Texas FINALLY catches a break from the courts on a major voting issue

The state of Texas has finally caught a break from the courts! A Texas appeals court stayed an injunction that blocked the state from using their new Voter ID law and thus ruled the state can use the law in this November’s election:

POLITICO – A panel of the New Orleans-based 5th Circuit Court of Appeals voted, 2-1, to allow Texas to use the revised voter ID measure known as SB 5 for this November’s elections.

“The State has made a strong showing that it is likely to succeed on the merits. SB 5 allows voters without qualifying photo ID to cast regular ballots by executing a declaration that they face a reasonable impediment to obtaining qualifying photo ID. This declaration is made under the penalty of perjury,” Judges Jerry Smith and Jennifer Elrod wrote in a joint order Tuesday. “The State has made a strong showing that this reasonable-impediment procedure remedies plaintiffs’ alleged harm and thus forecloses plaintiffs’ injunctive relief.”
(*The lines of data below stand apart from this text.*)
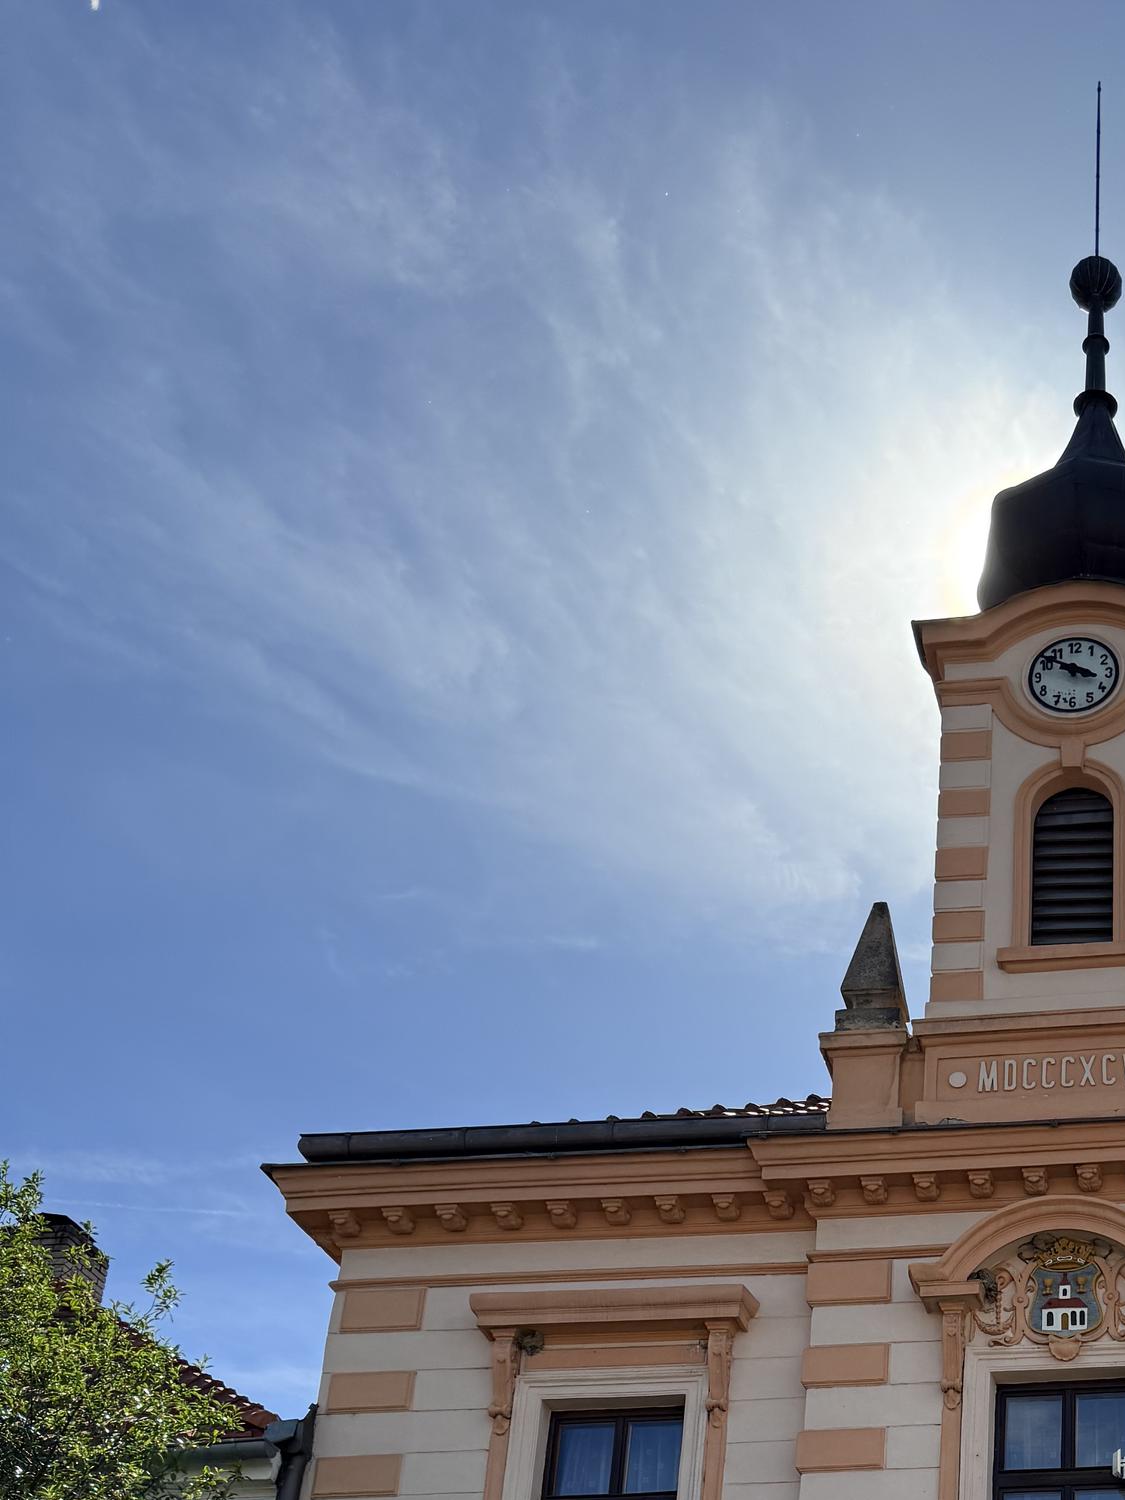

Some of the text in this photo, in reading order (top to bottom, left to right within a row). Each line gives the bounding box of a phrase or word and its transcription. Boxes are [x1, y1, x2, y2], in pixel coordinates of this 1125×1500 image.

[1068, 642, 1082, 654] 12
[1088, 645, 1094, 657] 1
[1100, 654, 1108, 665] 2
[1040, 660, 1053, 671] 10
[1034, 672, 1042, 683] 9
[1105, 667, 1113, 678] 3
[1040, 685, 1047, 696] 8
[1098, 682, 1107, 693] 4
[1053, 695, 1061, 706] 7
[1069, 696, 1076, 708] 6
[1086, 692, 1094, 703] 5
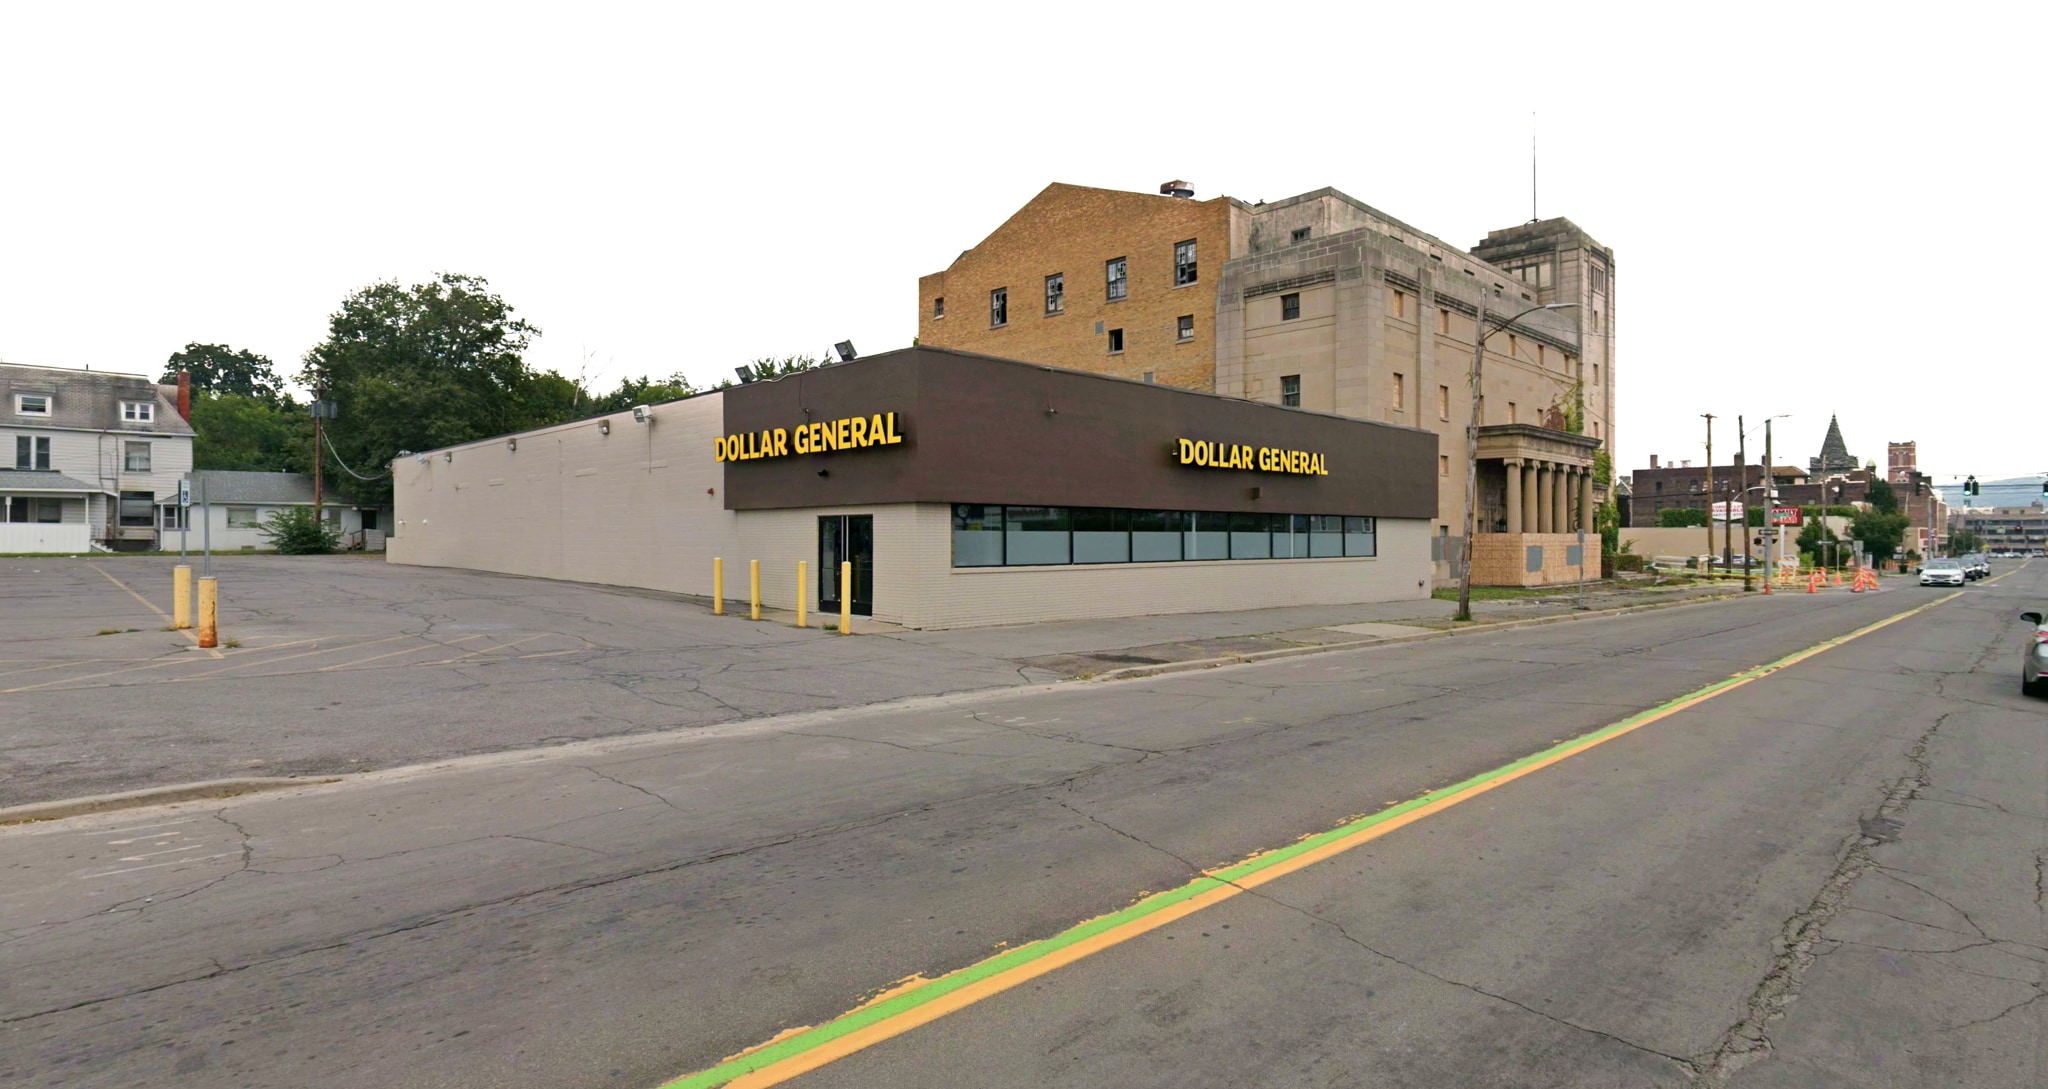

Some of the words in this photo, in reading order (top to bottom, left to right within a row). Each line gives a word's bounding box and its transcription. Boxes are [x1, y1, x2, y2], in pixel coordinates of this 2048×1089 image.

[714, 428, 788, 462] DOLLAR
[794, 412, 902, 454] GENERAL
[1179, 438, 1254, 470] DOLLAR
[1258, 447, 1329, 476] GENERAL
Exactly! Voter ID itself is not really an impediment to voting as liberals claim. But with the exceptions Texas has carved out for those who simply can’t (or won’t) get an ID card, it makes sense that Texas would win on the merits because there is absolutely no impediment.

Not only did two of the three judges stay the injunction, but they also admonished the judge who gave the injunction in the first place:

Smith and Elrod also faulted U.S. District Court Judge Nelva Gonzales Ramos for going beyond the scope of a previous 5th Circuit ruling instructing her to assess whether SB 5 had cured problems with SB 14, another voter ID measure Texas passed in 2011. Ramos ruled that original measure was tainted by an effort to discriminate on the basis of race and the measure signed earlier this year did not fix the problem.

“The district court went beyond the scope of the mandate on remand,” Smith and Elrod wrote. “Simply put, whether SB 5 should be enjoined — as opposed to whether it remedies SB 14’s ills — was not an issue before the district court on remand.”

Texas wasn’t the only ones happy with the decision:

The Department of Justice supported the ruling.

“We are pleased that the Fifth Circuit has stayed the injunction and allowed Texas to proceed with its duly enacted voter identification laws. Preserving the integrity of the ballot is vital to our democracy, and the Fifth Circuit’s order allows Texas to continue to fulfill that duty as this case moves forward,” according to a statement from spokeswoman Lauren Ehrsam.

According to Politico:

Civil rights advocates backing the litigation could ask the Supreme Court to step in and keep the revised voter ID law on hold through this fall’s elections.

Hopefully the Supreme Court stays out of this one.